--- Records for this task Enclosed Below ---

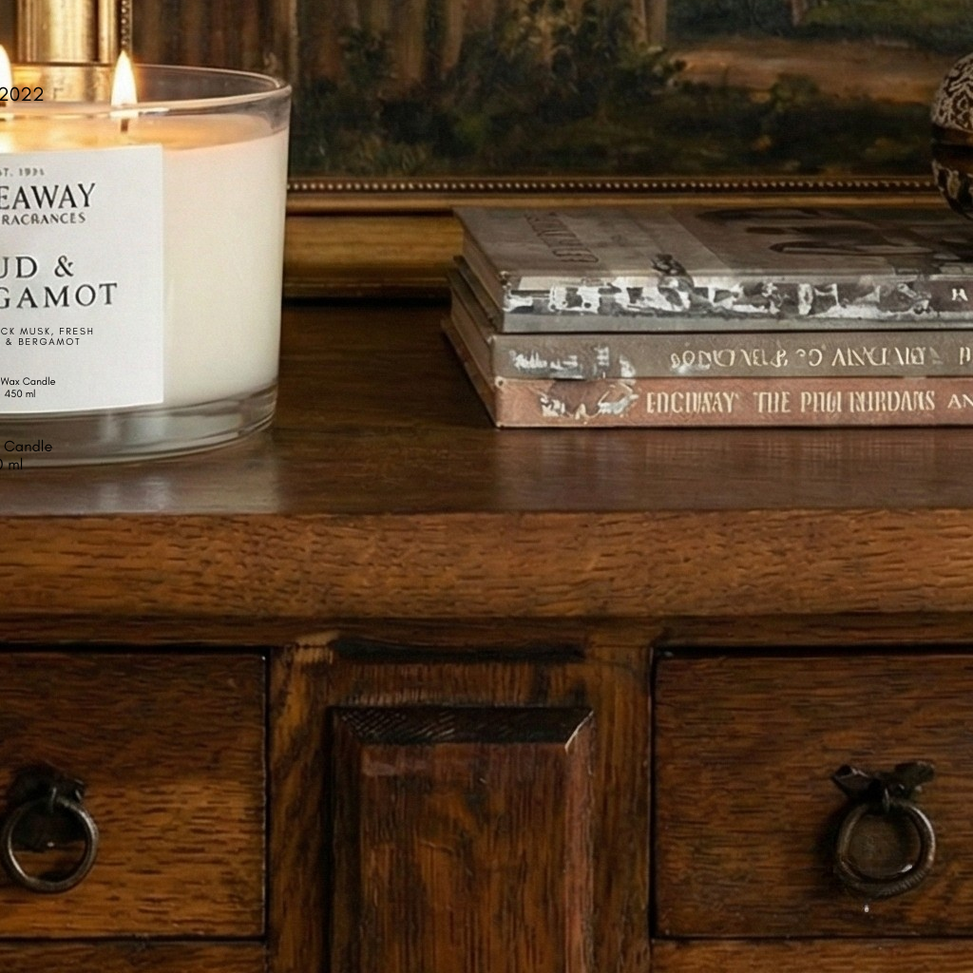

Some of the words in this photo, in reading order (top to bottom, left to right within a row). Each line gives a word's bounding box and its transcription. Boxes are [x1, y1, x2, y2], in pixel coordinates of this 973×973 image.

[54, 255, 74, 277] &
[20, 327, 54, 336] MUSK,
[60, 327, 93, 336] FRESH
[6, 338, 12, 346] &
[18, 338, 80, 346] BERGAMOT
[0, 377, 20, 386] Wax
[22, 376, 55, 386] Candle
[4, 389, 23, 398] 450
[26, 389, 35, 398] ml

--- End of Enclosed Records for this task ---

Images are not part of the copy. Everything else in the records must be reproduced exactly.

Your solution ▸
Some of the words in this photo, in reading order (top to bottom, left to right within a row). Each line gives a word's bounding box and its transcription. Boxes are [x1, y1, x2, y2], in pixel coordinates of this 973×973 image.

[54, 255, 74, 277] &
[20, 327, 54, 336] MUSK,
[60, 327, 93, 336] FRESH
[6, 338, 12, 346] &
[18, 338, 80, 346] BERGAMOT
[0, 377, 20, 386] Wax
[22, 376, 55, 386] Candle
[4, 389, 23, 398] 450
[26, 389, 35, 398] ml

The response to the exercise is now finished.